Exercise requirements
From the first line to the last, retype the records exactly and skip the pictures.

[Recorded data]

----

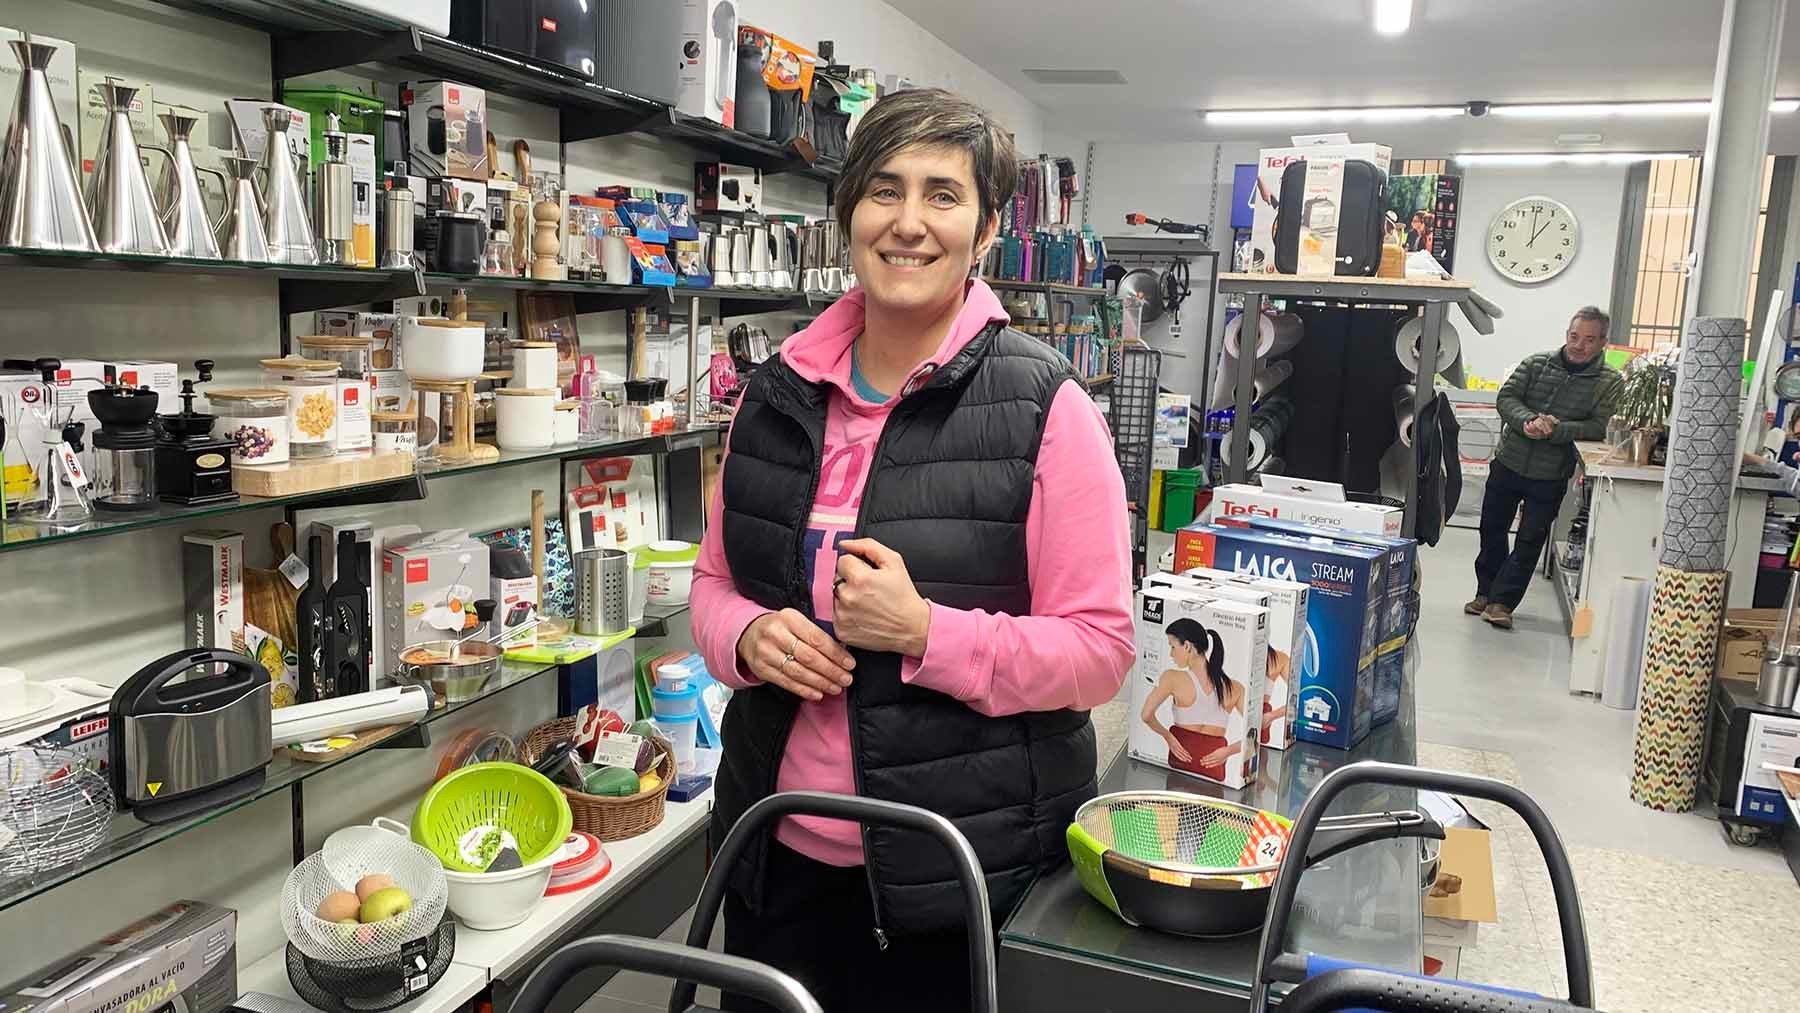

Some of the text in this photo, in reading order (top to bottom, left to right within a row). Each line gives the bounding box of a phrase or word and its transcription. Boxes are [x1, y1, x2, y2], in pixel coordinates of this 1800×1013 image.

[1264, 155, 1305, 168] Tefl
[1551, 209, 1555, 217] 1
[1503, 220, 1516, 229] 10
[1560, 223, 1567, 231] 2
[1496, 234, 1504, 242] 9
[1562, 238, 1570, 246] 3
[1498, 250, 1506, 258] 8
[1554, 253, 1563, 261] 4
[1523, 267, 1532, 275] 6
[1541, 264, 1549, 272] 5
[1234, 550, 1297, 582] LAICA
[221, 544, 229, 606] WESTMARK
[1311, 562, 1354, 583] STREAM
[1262, 842, 1277, 858] 24
[90, 961, 185, 1013] NVASADORA AL VACÍO

----

Answer for the task
Some of the text in this photo, in reading order (top to bottom, left to right within a row). Each line gives the bounding box of a phrase or word and its transcription. Boxes are [x1, y1, x2, y2], in pixel coordinates of this 1800×1013 image.

[1264, 155, 1305, 168] Tefl
[1551, 209, 1555, 217] 1
[1503, 220, 1516, 229] 10
[1560, 223, 1567, 231] 2
[1496, 234, 1504, 242] 9
[1562, 238, 1570, 246] 3
[1498, 250, 1506, 258] 8
[1554, 253, 1563, 261] 4
[1523, 267, 1532, 275] 6
[1541, 264, 1549, 272] 5
[1234, 550, 1297, 582] LAICA
[221, 544, 229, 606] WESTMARK
[1311, 562, 1354, 583] STREAM
[1262, 842, 1277, 858] 24
[90, 961, 185, 1013] NVASADORA AL VACÍO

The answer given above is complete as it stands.